• [Stored records]:
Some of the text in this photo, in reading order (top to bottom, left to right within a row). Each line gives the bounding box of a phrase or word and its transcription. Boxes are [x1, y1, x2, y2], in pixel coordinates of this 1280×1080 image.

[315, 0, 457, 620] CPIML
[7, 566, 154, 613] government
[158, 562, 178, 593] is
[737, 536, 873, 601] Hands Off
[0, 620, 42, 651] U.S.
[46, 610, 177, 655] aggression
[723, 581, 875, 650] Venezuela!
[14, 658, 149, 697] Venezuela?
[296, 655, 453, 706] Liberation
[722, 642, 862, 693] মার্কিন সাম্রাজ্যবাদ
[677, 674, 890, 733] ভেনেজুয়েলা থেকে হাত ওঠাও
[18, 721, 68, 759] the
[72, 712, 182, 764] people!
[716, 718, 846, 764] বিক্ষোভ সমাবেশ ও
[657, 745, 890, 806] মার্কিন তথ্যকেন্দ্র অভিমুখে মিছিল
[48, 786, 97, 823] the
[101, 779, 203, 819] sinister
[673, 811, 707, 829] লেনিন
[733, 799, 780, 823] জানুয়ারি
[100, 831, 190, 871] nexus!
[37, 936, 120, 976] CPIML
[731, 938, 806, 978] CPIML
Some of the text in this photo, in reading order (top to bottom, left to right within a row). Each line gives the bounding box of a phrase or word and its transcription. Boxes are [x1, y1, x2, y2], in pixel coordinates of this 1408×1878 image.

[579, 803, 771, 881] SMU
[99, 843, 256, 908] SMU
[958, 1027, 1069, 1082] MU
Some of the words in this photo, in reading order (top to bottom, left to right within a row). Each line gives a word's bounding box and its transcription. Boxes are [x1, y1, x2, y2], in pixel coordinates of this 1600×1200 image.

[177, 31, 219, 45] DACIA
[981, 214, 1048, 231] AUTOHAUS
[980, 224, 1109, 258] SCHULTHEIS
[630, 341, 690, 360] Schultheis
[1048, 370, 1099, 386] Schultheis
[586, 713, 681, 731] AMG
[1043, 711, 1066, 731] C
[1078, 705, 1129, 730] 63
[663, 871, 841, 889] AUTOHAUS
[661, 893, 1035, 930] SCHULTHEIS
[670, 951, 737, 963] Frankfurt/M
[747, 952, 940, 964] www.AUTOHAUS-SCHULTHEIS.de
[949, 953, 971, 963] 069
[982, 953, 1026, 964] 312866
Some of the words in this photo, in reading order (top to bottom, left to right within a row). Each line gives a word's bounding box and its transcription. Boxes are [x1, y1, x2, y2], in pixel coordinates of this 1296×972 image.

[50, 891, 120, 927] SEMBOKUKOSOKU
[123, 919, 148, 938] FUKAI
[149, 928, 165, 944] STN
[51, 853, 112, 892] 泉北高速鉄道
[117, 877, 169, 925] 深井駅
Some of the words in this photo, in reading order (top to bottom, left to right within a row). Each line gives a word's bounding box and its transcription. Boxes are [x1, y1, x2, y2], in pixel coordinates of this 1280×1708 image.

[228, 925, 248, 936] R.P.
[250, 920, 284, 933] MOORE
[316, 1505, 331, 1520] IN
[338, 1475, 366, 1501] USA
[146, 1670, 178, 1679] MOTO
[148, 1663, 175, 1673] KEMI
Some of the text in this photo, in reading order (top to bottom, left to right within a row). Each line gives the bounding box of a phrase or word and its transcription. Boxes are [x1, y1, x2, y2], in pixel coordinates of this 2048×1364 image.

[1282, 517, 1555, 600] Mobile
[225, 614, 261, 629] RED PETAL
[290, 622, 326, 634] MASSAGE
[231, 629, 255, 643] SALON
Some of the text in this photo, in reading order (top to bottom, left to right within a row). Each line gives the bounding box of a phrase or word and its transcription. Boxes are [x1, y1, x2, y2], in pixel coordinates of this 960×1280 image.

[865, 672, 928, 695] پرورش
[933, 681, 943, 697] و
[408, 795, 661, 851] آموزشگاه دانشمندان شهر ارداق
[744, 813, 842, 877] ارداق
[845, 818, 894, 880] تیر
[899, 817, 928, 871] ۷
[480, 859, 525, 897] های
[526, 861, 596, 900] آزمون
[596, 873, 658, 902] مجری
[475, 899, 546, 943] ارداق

• [Description of the task]: I need each of the entries above printed again exactly.

• [Task answer]:
Some of the text in this photo, in reading order (top to bottom, left to right within a row). Each line gives the bounding box of a phrase or word and its transcription. Boxes are [x1, y1, x2, y2], in pixel coordinates of this 1280×1080 image.

[315, 0, 457, 620] CPIML
[7, 566, 154, 613] government
[158, 562, 178, 593] is
[737, 536, 873, 601] Hands Off
[0, 620, 42, 651] U.S.
[46, 610, 177, 655] aggression
[723, 581, 875, 650] Venezuela!
[14, 658, 149, 697] Venezuela?
[296, 655, 453, 706] Liberation
[722, 642, 862, 693] মার্কিন সাম্রাজ্যবাদ
[677, 674, 890, 733] ভেনেজুয়েলা থেকে হাত ওঠাও
[18, 721, 68, 759] the
[72, 712, 182, 764] people!
[716, 718, 846, 764] বিক্ষোভ সমাবেশ ও
[657, 745, 890, 806] মার্কিন তথ্যকেন্দ্র অভিমুখে মিছিল
[48, 786, 97, 823] the
[101, 779, 203, 819] sinister
[673, 811, 707, 829] লেনিন
[733, 799, 780, 823] জানুয়ারি
[100, 831, 190, 871] nexus!
[37, 936, 120, 976] CPIML
[731, 938, 806, 978] CPIML
Some of the text in this photo, in reading order (top to bottom, left to right within a row). Each line gives the bounding box of a phrase or word and its transcription. Boxes are [x1, y1, x2, y2], in pixel coordinates of this 1408×1878 image.

[579, 803, 771, 881] SMU
[99, 843, 256, 908] SMU
[958, 1027, 1069, 1082] MU
Some of the words in this photo, in reading order (top to bottom, left to right within a row). Each line gives a word's bounding box and its transcription. Boxes are [x1, y1, x2, y2], in pixel coordinates of this 1600×1200 image.

[177, 31, 219, 45] DACIA
[981, 214, 1048, 231] AUTOHAUS
[980, 224, 1109, 258] SCHULTHEIS
[630, 341, 690, 360] Schultheis
[1048, 370, 1099, 386] Schultheis
[586, 713, 681, 731] AMG
[1043, 711, 1066, 731] C
[1078, 705, 1129, 730] 63
[663, 871, 841, 889] AUTOHAUS
[661, 893, 1035, 930] SCHULTHEIS
[670, 951, 737, 963] Frankfurt/M
[747, 952, 940, 964] www.AUTOHAUS-SCHULTHEIS.de
[949, 953, 971, 963] 069
[982, 953, 1026, 964] 312866
Some of the words in this photo, in reading order (top to bottom, left to right within a row). Each line gives a word's bounding box and its transcription. Boxes are [x1, y1, x2, y2], in pixel coordinates of this 1296×972 image.

[50, 891, 120, 927] SEMBOKUKOSOKU
[123, 919, 148, 938] FUKAI
[149, 928, 165, 944] STN
[51, 853, 112, 892] 泉北高速鉄道
[117, 877, 169, 925] 深井駅
Some of the words in this photo, in reading order (top to bottom, left to right within a row). Each line gives a word's bounding box and its transcription. Boxes are [x1, y1, x2, y2], in pixel coordinates of this 1280×1708 image.

[228, 925, 248, 936] R.P.
[250, 920, 284, 933] MOORE
[316, 1505, 331, 1520] IN
[338, 1475, 366, 1501] USA
[146, 1670, 178, 1679] MOTO
[148, 1663, 175, 1673] KEMI
Some of the text in this photo, in reading order (top to bottom, left to right within a row). Each line gives the bounding box of a phrase or word and its transcription. Boxes are [x1, y1, x2, y2], in pixel coordinates of this 2048×1364 image.

[1282, 517, 1555, 600] Mobile
[225, 614, 261, 629] RED PETAL
[290, 622, 326, 634] MASSAGE
[231, 629, 255, 643] SALON
Some of the text in this photo, in reading order (top to bottom, left to right within a row). Each line gives the bounding box of a phrase or word and its transcription. Boxes are [x1, y1, x2, y2], in pixel coordinates of this 960×1280 image.

[865, 672, 928, 695] پرورش
[933, 681, 943, 697] و
[408, 795, 661, 851] آموزشگاه دانشمندان شهر ارداق
[744, 813, 842, 877] ارداق
[845, 818, 894, 880] تیر
[899, 817, 928, 871] ۷
[480, 859, 525, 897] های
[526, 861, 596, 900] آزمون
[596, 873, 658, 902] مجری
[475, 899, 546, 943] ارداق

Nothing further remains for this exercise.